Professionalism. Nonsense. Not to sound like that drunk bitch in the Fassbinder film always yelling at her brother with the denim jacket, but I wasn’t in Tel Aviv. I wrote I was detained on the way to Tel Aviv. Nothing unprofessional—it’s just a link on online. In fact, the author found a good image of an El Al plane. A Boeing 747 and think I’ll take it—I mean the image. And asked a gallery assistant in London to please not have any work up during the art fair in London this fall since I stole the image—just to be fair. I think they still advertise on the back cover of the magazine but I’m not sure.

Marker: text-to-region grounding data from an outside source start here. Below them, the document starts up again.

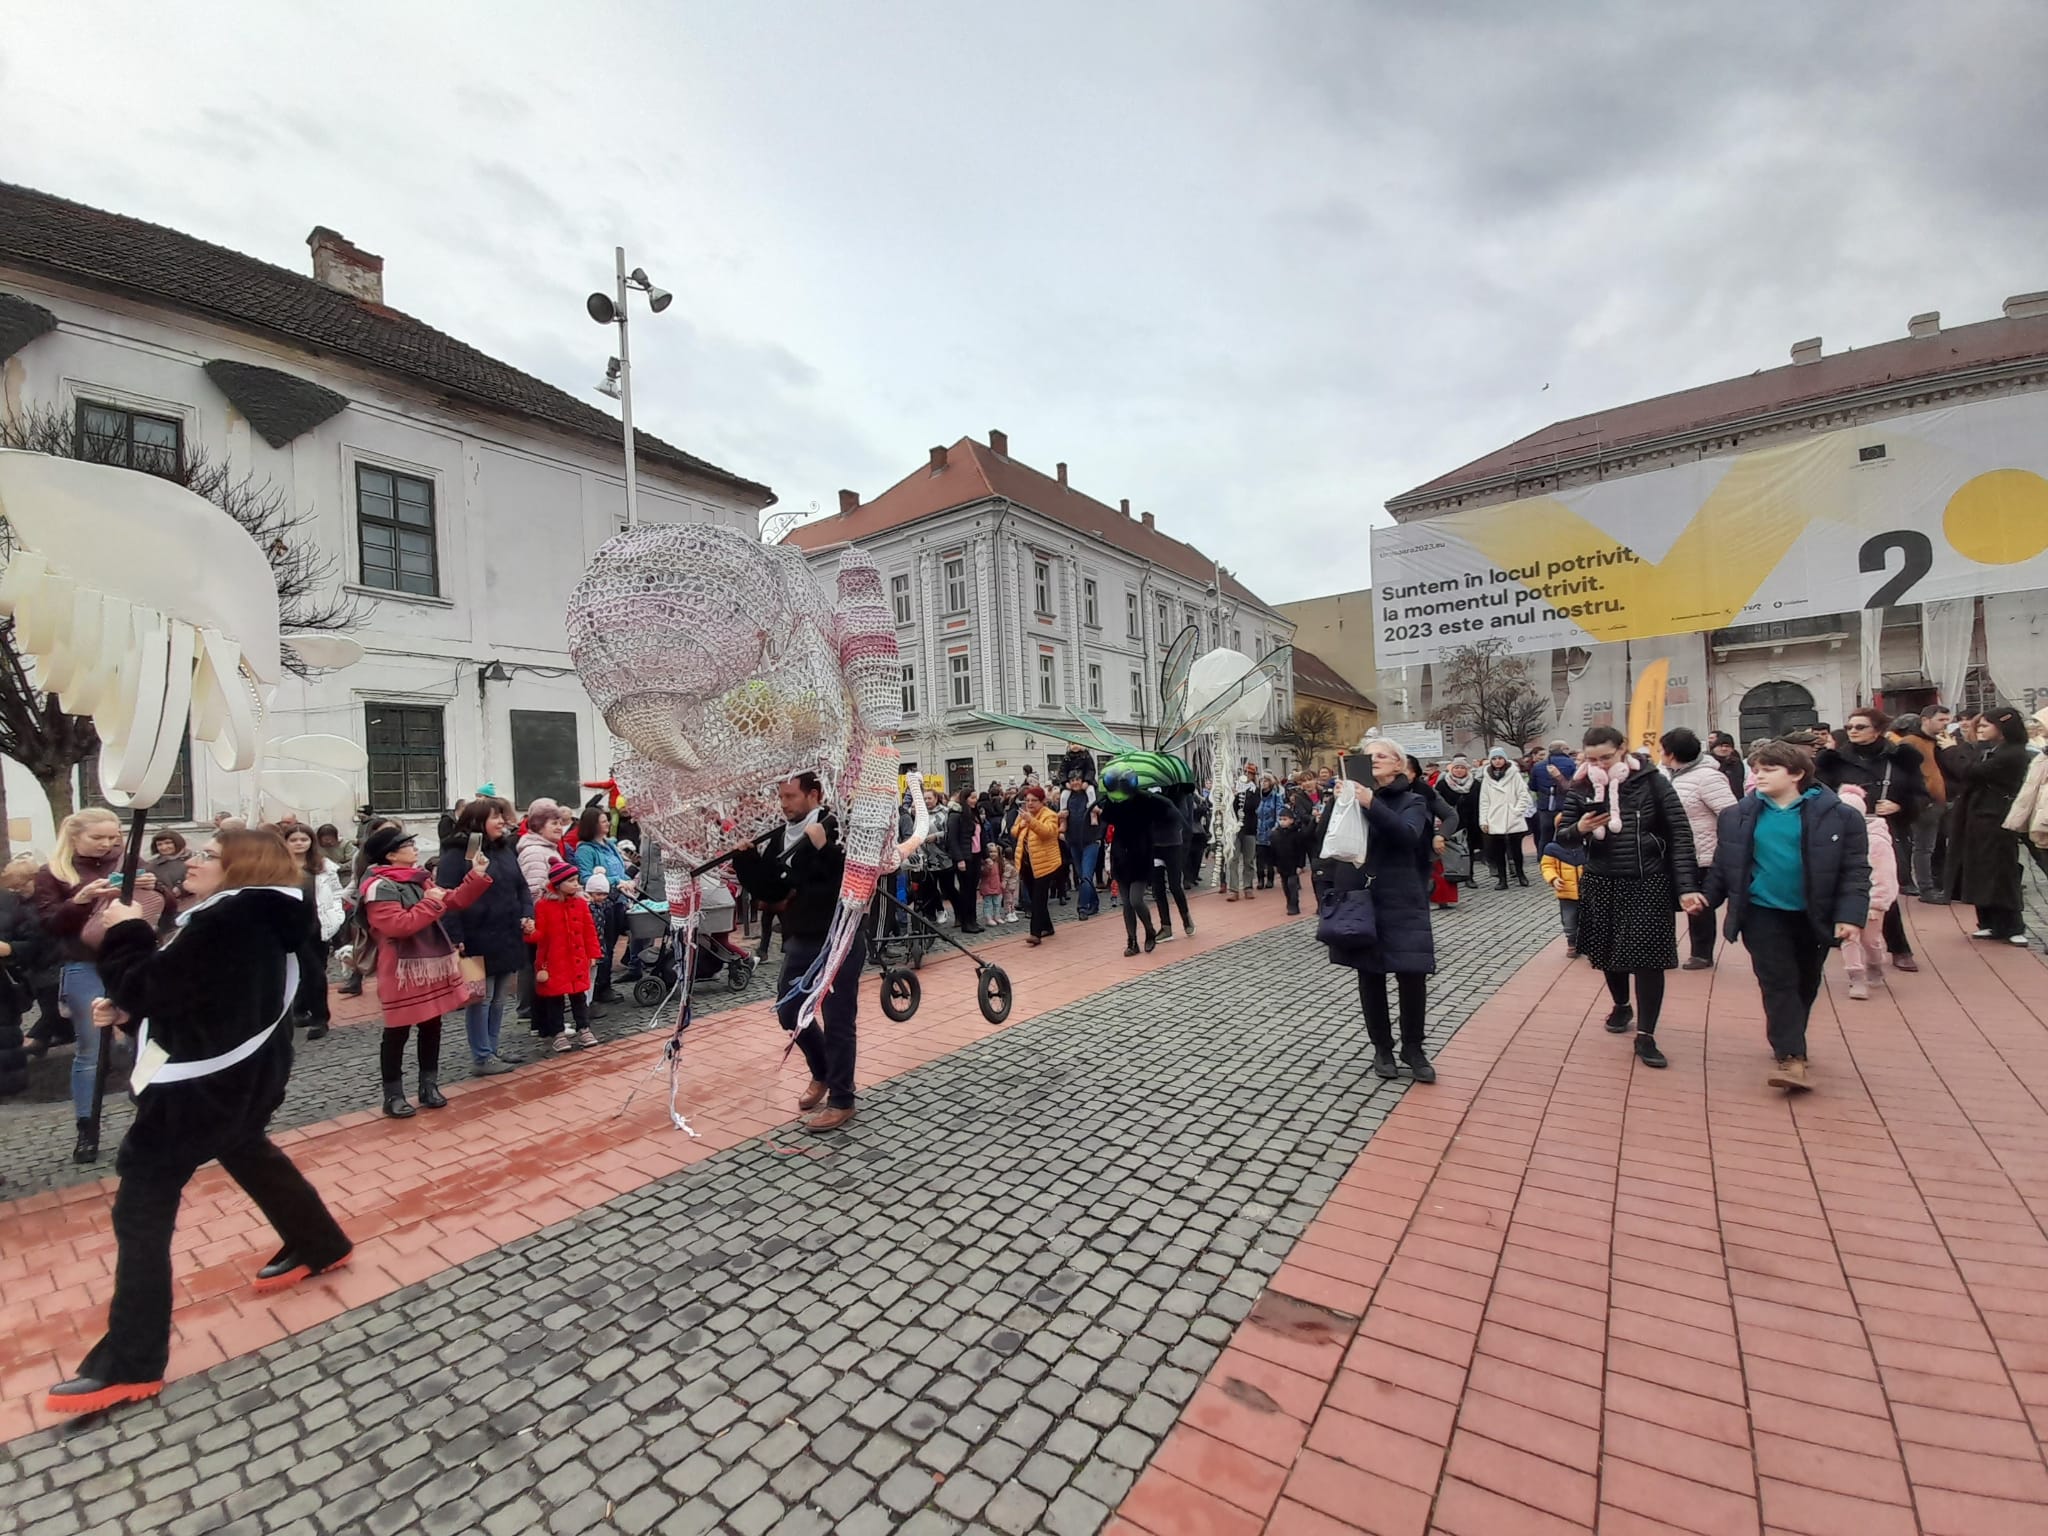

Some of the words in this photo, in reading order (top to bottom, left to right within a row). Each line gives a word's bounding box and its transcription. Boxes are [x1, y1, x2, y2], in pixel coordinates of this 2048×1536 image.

[1382, 579, 1459, 601] Suntem
[1464, 572, 1483, 588] în
[1489, 561, 1540, 585] locul
[1547, 546, 1640, 580] potrivit,
[1383, 607, 1398, 622] la
[1405, 588, 1508, 618] momentul
[1515, 575, 1605, 607] potrivit.
[1384, 622, 1433, 642] 2023
[1438, 617, 1484, 635] este
[1490, 607, 1536, 628] anul
[1542, 599, 1625, 621] nostru.

The article gave me an idea about professionalism. I realized I was being unprofessional. Incompetent as an artist. I assumed these sorts of texts go unread and good to know. Journalists write what they know isn’t true, in the hope that if they keep on saying it will be true.

And it’s always easy to criticize. I only do that after dinner and if I didn’t like the food. But would never want to sound like a fisherman speaking about shepherds to sheep or hunters rearing cattle. That would be incompetent.

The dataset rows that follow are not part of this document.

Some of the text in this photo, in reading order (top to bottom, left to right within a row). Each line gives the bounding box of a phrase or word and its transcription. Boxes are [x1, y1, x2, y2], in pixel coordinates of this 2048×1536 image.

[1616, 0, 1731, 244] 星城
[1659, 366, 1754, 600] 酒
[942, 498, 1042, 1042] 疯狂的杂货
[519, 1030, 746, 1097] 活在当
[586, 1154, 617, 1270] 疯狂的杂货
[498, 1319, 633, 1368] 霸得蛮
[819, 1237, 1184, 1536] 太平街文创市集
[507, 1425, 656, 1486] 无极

Art discourse. Nonsense. Instructional entertainment. Pedagogy. Useless.

More ventriloquists repeating the same lines from yet another French philosopher. More parrots. More nonsense.

Another subsided art critic shoving hors d’oeuvres in their mouth. Nouvelle cuisine. Half-drunk after a glass of wine—jumbling more words together—more nonsense about post-modernism and yet more trash about art and other artists. Everything they know how to do. Nonsense.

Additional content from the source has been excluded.